4) BJ there is several bottles of red with your name on them.....
and maybe an alcopop or 3 for Sarah (bring some cats - I am trying to "con"vince missus Benedict that the kids need a kitten each (Mr Destructo needs a black cat, the Beniette prefers but is not bound to have a white one), SHMBO is still firmly resisting my charms and hints about the kids and need for kittens (young and not scaredy cats - unlike Porché)

* well technically dinosaurs are reptiles and technically they are cold-blooded...

** sulky male type noises (just aks Cookie)

*** SWMBO - She who must be obeyed

1:51 AM  
Blogger Bronze John said...

Hail Dr Dork,
For me it was the Autons - plastic shop dummies that came to life. Sarah read the book and reckons it haunted her for years. And Gelflings - you're right about them.


9:42 AM  
Blogger Bronze John said...

Hail FW,
Feel free to strangle a muppet for me - I'll write you a sick note.

Sarah and I are half-arsedly planning a trip to the podes in 2008 - you may be getting a visitor. Finances and everything else permitting.


9:51 AM  
Blogger Bronze John said...

I don't know, Barney's a big guy. And he's a dinosaur - aren't some of them meant to be dangerous? Do as I am doing and start off with the inoffensive ones - Sherlock Hemlock is next on my list.

Wine may have to wait a bit, sorry. Maybe you could cellar it.

9:59 AM  
Blogger Foilwoman said...

Dr. John: I have enjoyed meeting everyone I have met so far through blogging (Cookie, Champurrado, Prom) and don't anticipate that changing.
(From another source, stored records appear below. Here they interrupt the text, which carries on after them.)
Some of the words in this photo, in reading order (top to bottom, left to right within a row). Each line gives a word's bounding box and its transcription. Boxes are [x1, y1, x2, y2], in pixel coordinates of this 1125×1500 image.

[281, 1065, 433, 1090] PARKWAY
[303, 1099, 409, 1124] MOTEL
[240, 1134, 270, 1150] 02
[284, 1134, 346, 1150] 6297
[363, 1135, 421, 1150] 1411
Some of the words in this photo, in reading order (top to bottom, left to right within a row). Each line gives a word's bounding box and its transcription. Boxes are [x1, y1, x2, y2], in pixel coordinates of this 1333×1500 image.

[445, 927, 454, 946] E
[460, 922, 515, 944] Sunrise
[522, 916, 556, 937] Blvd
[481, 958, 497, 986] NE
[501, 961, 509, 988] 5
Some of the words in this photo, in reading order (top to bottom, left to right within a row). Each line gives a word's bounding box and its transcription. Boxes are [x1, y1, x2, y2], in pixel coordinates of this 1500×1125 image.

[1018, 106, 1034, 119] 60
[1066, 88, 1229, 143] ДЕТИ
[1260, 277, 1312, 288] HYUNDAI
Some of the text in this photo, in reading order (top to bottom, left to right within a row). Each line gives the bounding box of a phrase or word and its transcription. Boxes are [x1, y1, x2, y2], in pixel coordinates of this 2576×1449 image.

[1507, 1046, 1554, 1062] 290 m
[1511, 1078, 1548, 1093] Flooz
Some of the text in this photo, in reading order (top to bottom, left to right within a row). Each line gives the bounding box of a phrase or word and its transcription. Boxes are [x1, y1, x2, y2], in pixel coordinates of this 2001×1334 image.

Sarah and you are welcome at the FoilFlat and in My Fair City any time. Finances permitting, yeh. And meh. Finances. That's a four letter word, really. I hate finances. Why can't financial troubles ease up when everything else is busy screwing the pooch? Huh?

Also, dinosaurs really were not dangerous. They were fluffy and really annoying until an enterprising parent-superheroine-type invented a time machine, travelled back a few billion years, and killed all the sappy-voiced, pudgy, syrupy, sick sacks of sugar. To be realistic, said superheroine then added very fake looking vicious teeth and claws to the fossil record. All to spare us a non-extinct Barney. Unfortunately, a few (too many) videotapes remain. This is probably the cause of the decrease in fertility in most industrialized nations (where they have widespread access to DVD players and VCRs) except France, where Barney is probably banned as a cultural import (and thus evil). Now you know.